In reserving Munich Marriott via Priceline, it doesn't allow one to specify the room type (single, double, triple,etc.) For those of you who have done it. What type of room did you get? Is there an option to override the default, which I assume is for double? If not, is there an option to add a bed to a room when you arrive at the hotel? We'll have a party of three going over, and that's why I am asking.

Thanks in advance!


----------



## CascadeTelcom (Aug 7, 2002)

beewang said:


> Yeah fellas, I think I am going w/ Holiday Inn(again). The location seems to be more "centralized" as its in Schawbing. The $55Euro/65Euro rate is an all inclusive rate (tax incld). vs. The Priceline rate is + Fees.
> 
> Anyone else want to chime in??
> 
> beewang:bigpimp: :bigpimp:


Bring on WSU and Utah.


----------



## postoak (Mar 5, 2002)

"Schwabing" -- is that a district of Munich? Would the Hotel Uhland be in Schwabing?


----------



## LDV330i (May 24, 2003)

postoak said:


> "Schwabing" -- is that a district of Munich? Would the Hotel Uhland be in Schwabing?

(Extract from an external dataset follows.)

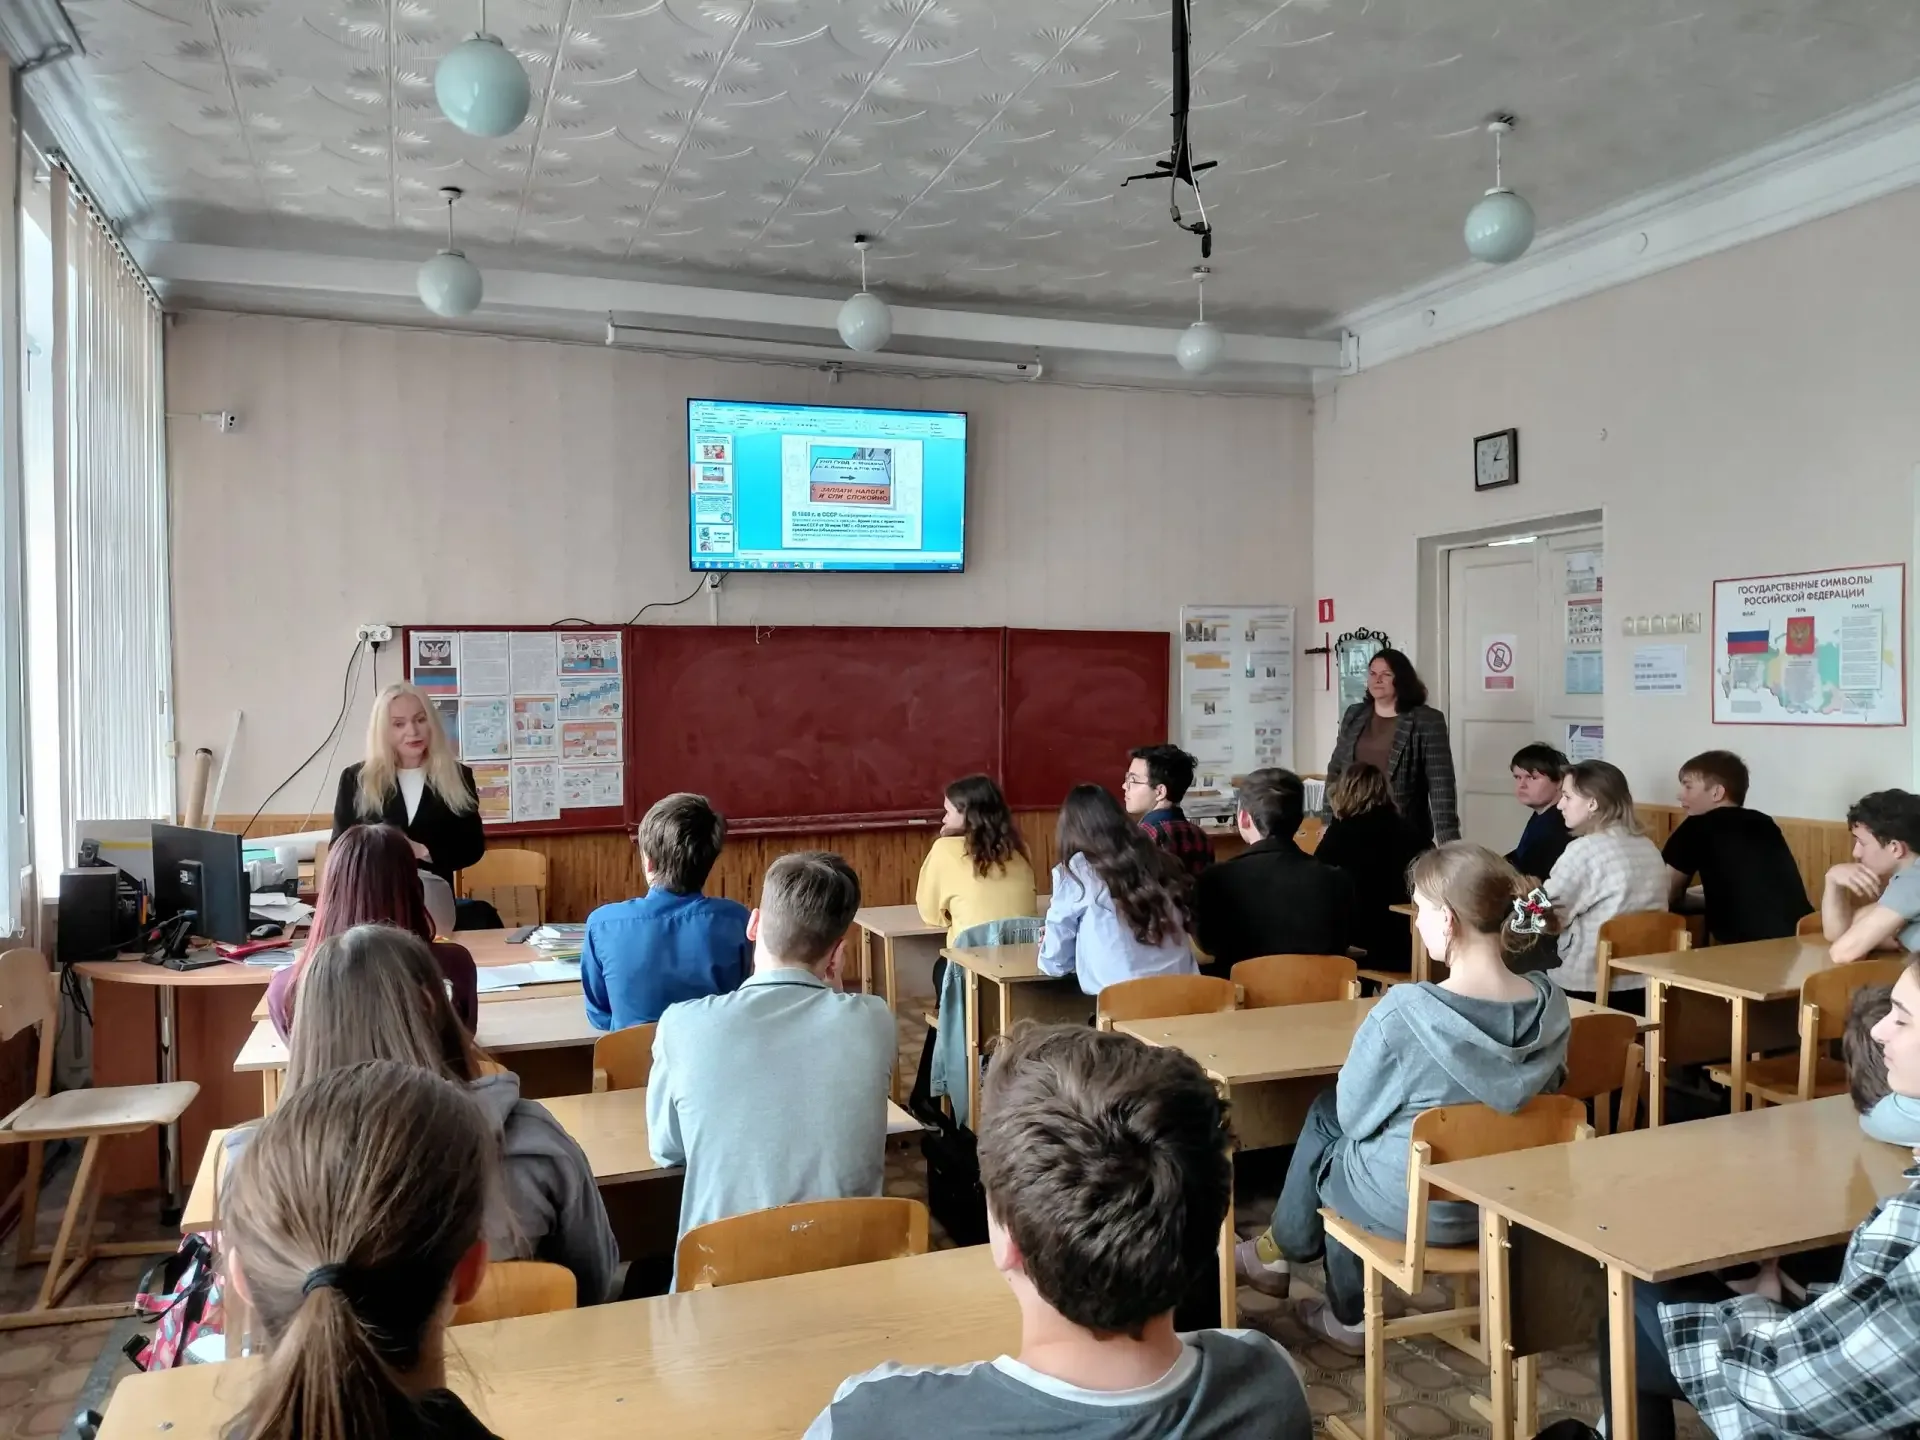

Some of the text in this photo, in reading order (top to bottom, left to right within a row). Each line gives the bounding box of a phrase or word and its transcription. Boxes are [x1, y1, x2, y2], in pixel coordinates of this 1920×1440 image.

[846, 494, 888, 502] СПОКОЙНО
[1737, 575, 1873, 595] ГОСУДАРСТВЕННЫЕ СИМВОЛЫ
[1744, 588, 1865, 606] РОССИЙСКОЙ ФЕДЕРАЦИИ

I was just looking up the location up the location since I will be staying there. Here is the map . It is considered to be in central Munich. Schwabing in on the north side of town.


----------



## postoak (Mar 5, 2002)

LDV330i - thanks for the response. I know where the Uhland is as I stayed there for my ED in June 2002. (BTW, I recommend the Uhland and will probably stay there again.) I just wondered about Schwabing as Beewang described it as "central".


----------



## postoak (Mar 5, 2002)

Well, I learned from someone who lived a while in Munich that Scwabing is just northwest of the old town. Hotel Uhland, if I'm not turned around, is to the southwest. Still I like the Uhland area. It consists of buildings built (seemingly) around 1900. Large 3, 4, and 5 story buildings on grassy lots that I suppose were apartments or homes of the upper class. A lot of these now are professional offices. It's relatively quiet, which I like.


----------



## Marco (Mar 7, 2003)

*Hotel by the English Garden*

Last summer we stayed at the GAESTEHAUS ENGLISCHER GARTEN (more B&B than hotel).
WE loved both the hotel and its location:
walking distance from the Schwabing, which we really enjoyed, and very closed to the "garten": we didn't even have to cross the street to be in the park. This was ideal for our 7 year daughter who found endless sources of interest in the park. My wife and I found its beer-gardens equally enjoyable and within easy reach.
The hotel has indoor parking.


----------



## CascadeTelcom (Aug 7, 2002)

Marco said:


> Last summer we stayed at the GAESTEHAUS ENGLISCHER GARTEN (more B&B than hotel).
> WE loved both the hotel and its location:
> walking distance from the Schwabing, which we really enjoyed, and very closed to the "garten": we didn't even have to cross the street to be in the park. This was ideal for our 7 year daughter who found endless sources of interest in the park. My wife and I found its beer-gardens equally enjoyable and within easy reach.
> The hotel has indoor parking.


Was this near the "Seehaus" and what was the daily rate?


----------



## sigurros (May 23, 2003)

*Suggestion for hotels in Florence?*

Just did a quick search, but didn't find any mentioning of hotels to stay in Florence. For those who've gone there. Do you have any recommendations on what hotels to stay in?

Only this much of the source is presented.